> RECORD EXTRACTS:
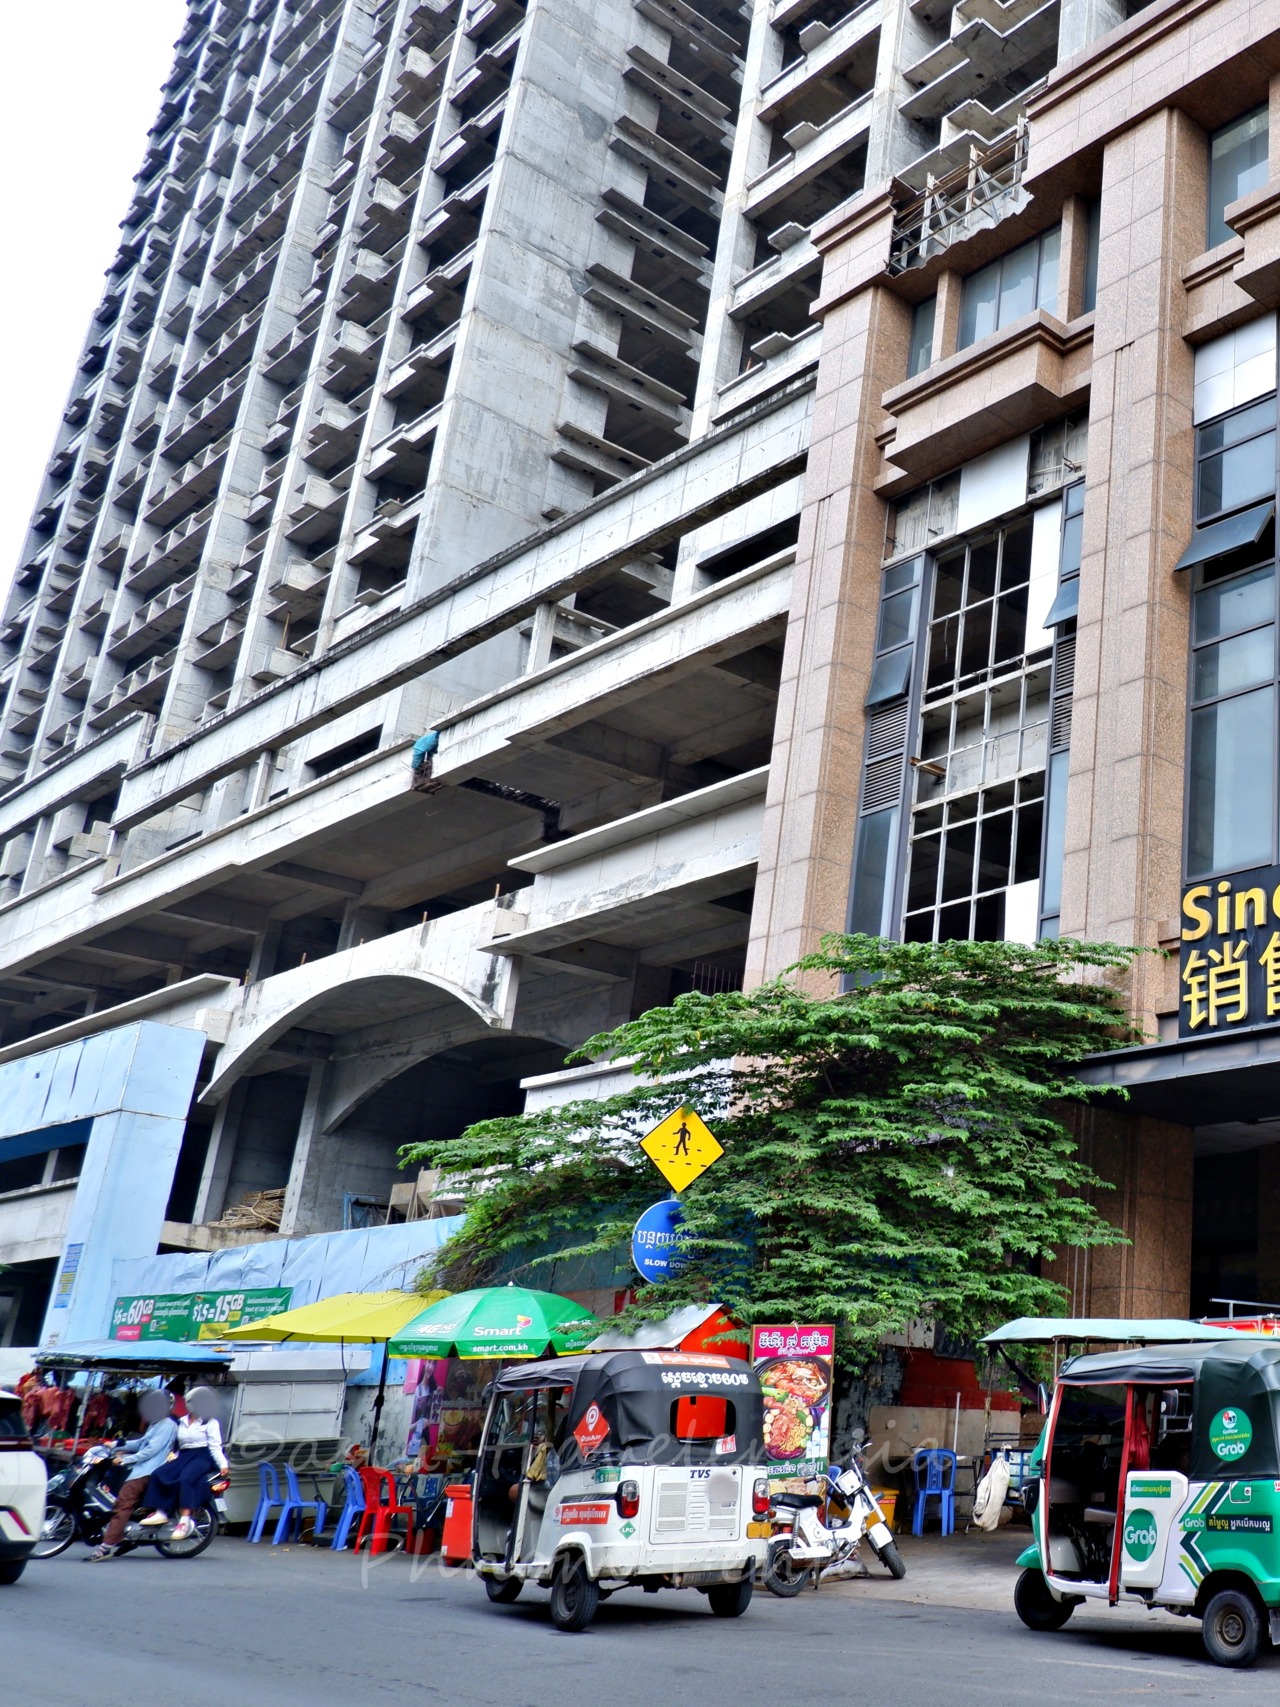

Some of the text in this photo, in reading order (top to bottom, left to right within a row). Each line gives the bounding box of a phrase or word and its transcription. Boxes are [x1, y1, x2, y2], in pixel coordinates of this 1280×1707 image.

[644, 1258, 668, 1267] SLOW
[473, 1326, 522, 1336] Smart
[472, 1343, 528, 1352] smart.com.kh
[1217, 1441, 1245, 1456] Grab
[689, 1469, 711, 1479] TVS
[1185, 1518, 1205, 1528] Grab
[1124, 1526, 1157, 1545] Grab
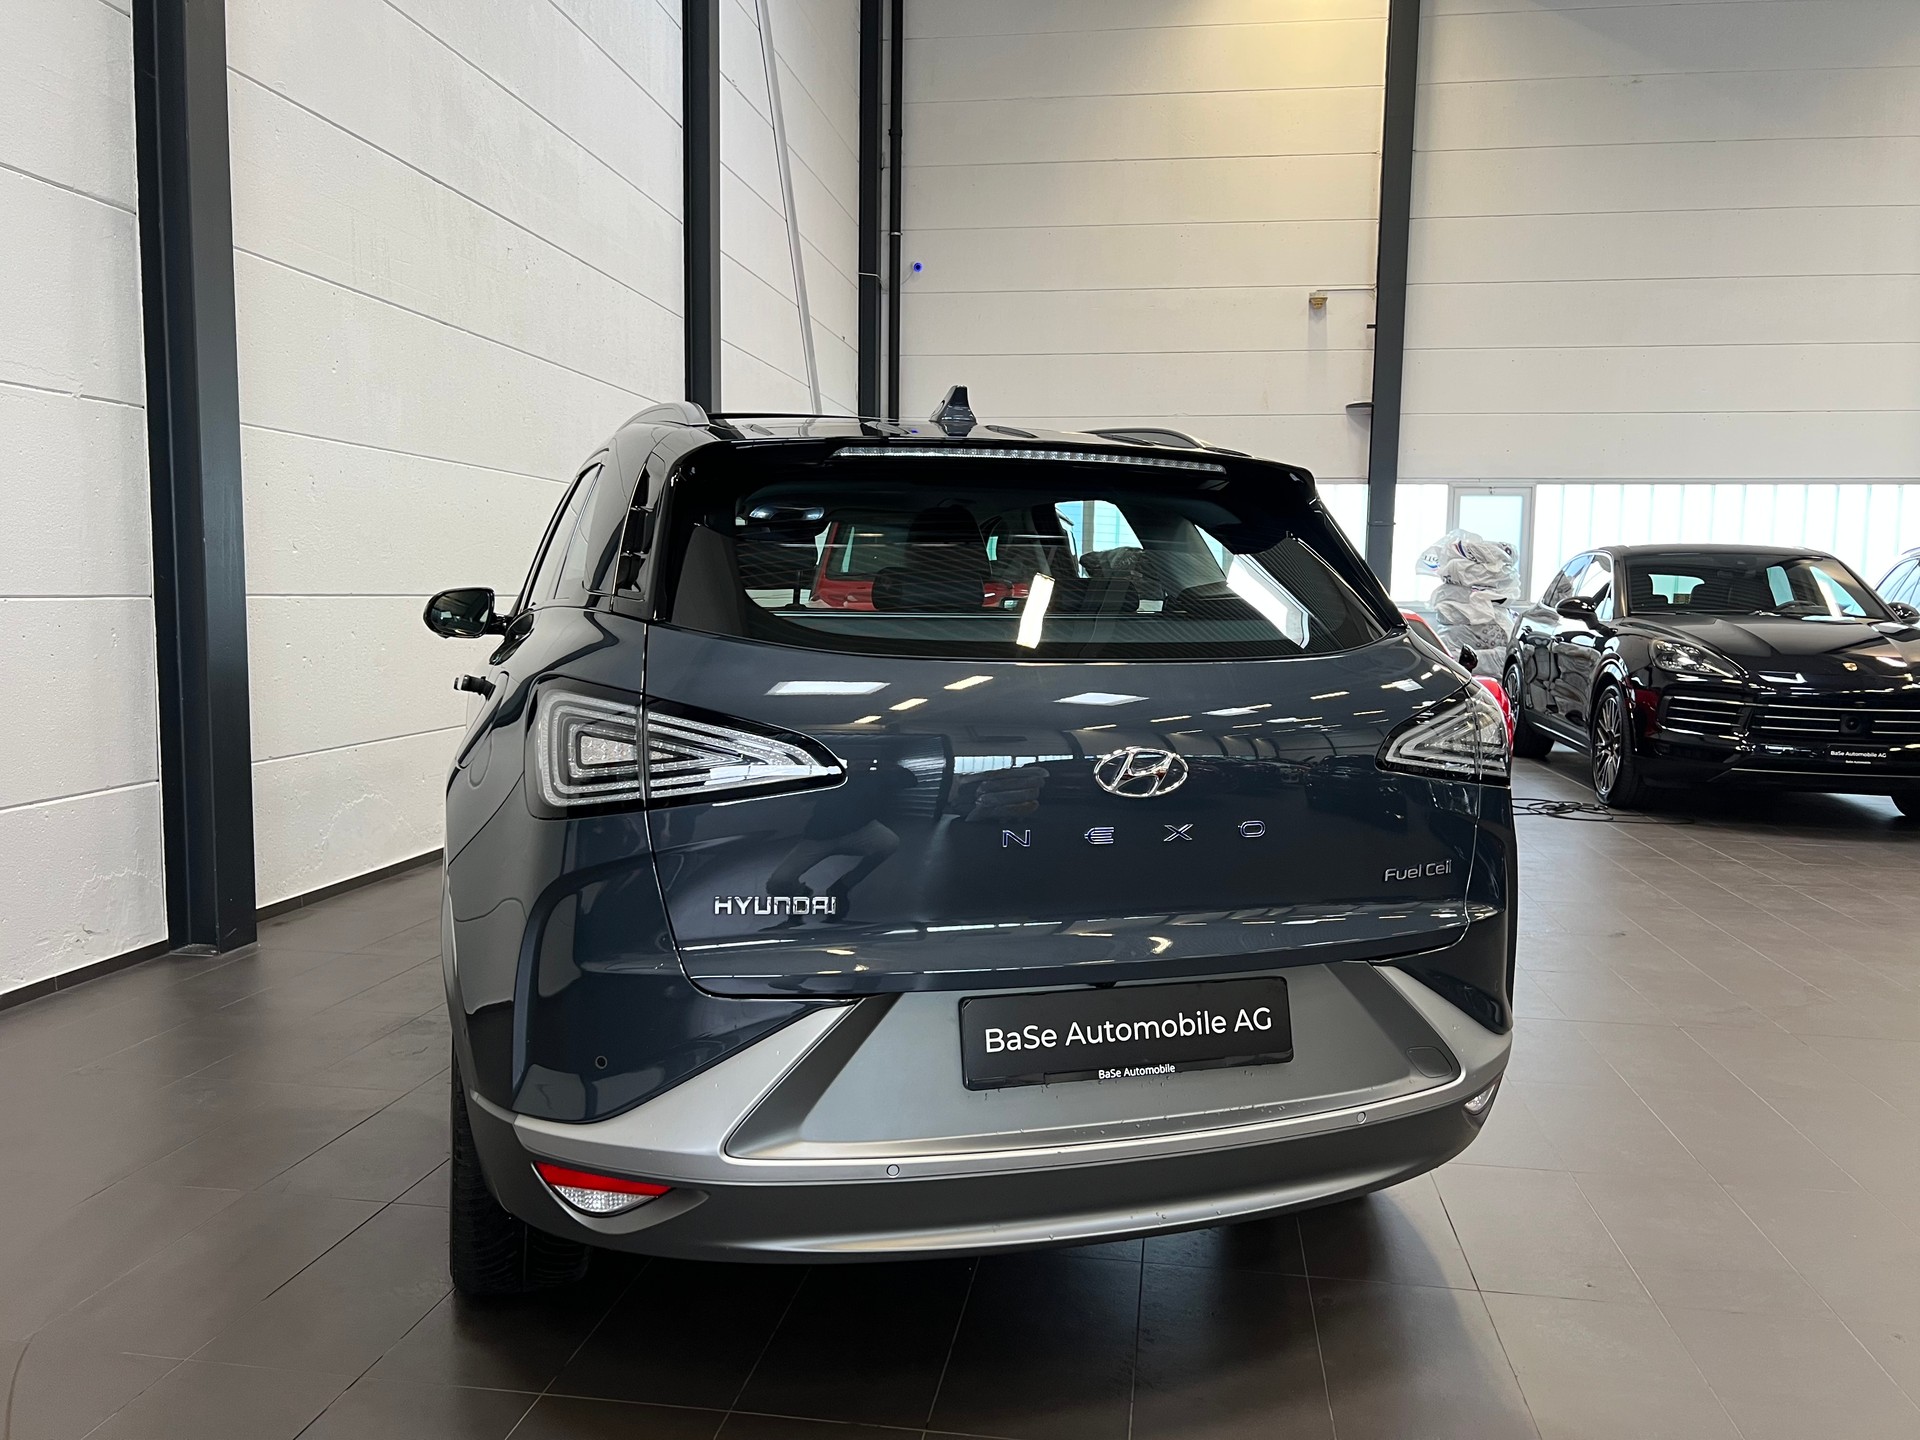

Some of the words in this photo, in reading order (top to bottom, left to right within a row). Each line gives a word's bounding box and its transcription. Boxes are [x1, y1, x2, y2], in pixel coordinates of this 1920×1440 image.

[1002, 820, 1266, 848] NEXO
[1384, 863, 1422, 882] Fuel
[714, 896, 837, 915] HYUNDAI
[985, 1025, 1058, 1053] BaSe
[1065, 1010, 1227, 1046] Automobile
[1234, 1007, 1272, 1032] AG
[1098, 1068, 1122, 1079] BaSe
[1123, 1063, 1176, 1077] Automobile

> ABOUT THIS EXERCISE: With the pictures set aside, please write out all of the records above exactly.

> ANSWER TO THE EXERCISE:
Some of the text in this photo, in reading order (top to bottom, left to right within a row). Each line gives the bounding box of a phrase or word and its transcription. Boxes are [x1, y1, x2, y2], in pixel coordinates of this 1280×1707 image.

[644, 1258, 668, 1267] SLOW
[473, 1326, 522, 1336] Smart
[472, 1343, 528, 1352] smart.com.kh
[1217, 1441, 1245, 1456] Grab
[689, 1469, 711, 1479] TVS
[1185, 1518, 1205, 1528] Grab
[1124, 1526, 1157, 1545] Grab

Some of the words in this photo, in reading order (top to bottom, left to right within a row). Each line gives a word's bounding box and its transcription. Boxes are [x1, y1, x2, y2], in pixel coordinates of this 1920×1440 image.

[1002, 820, 1266, 848] NEXO
[1384, 863, 1422, 882] Fuel
[714, 896, 837, 915] HYUNDAI
[985, 1025, 1058, 1053] BaSe
[1065, 1010, 1227, 1046] Automobile
[1234, 1007, 1272, 1032] AG
[1098, 1068, 1122, 1079] BaSe
[1123, 1063, 1176, 1077] Automobile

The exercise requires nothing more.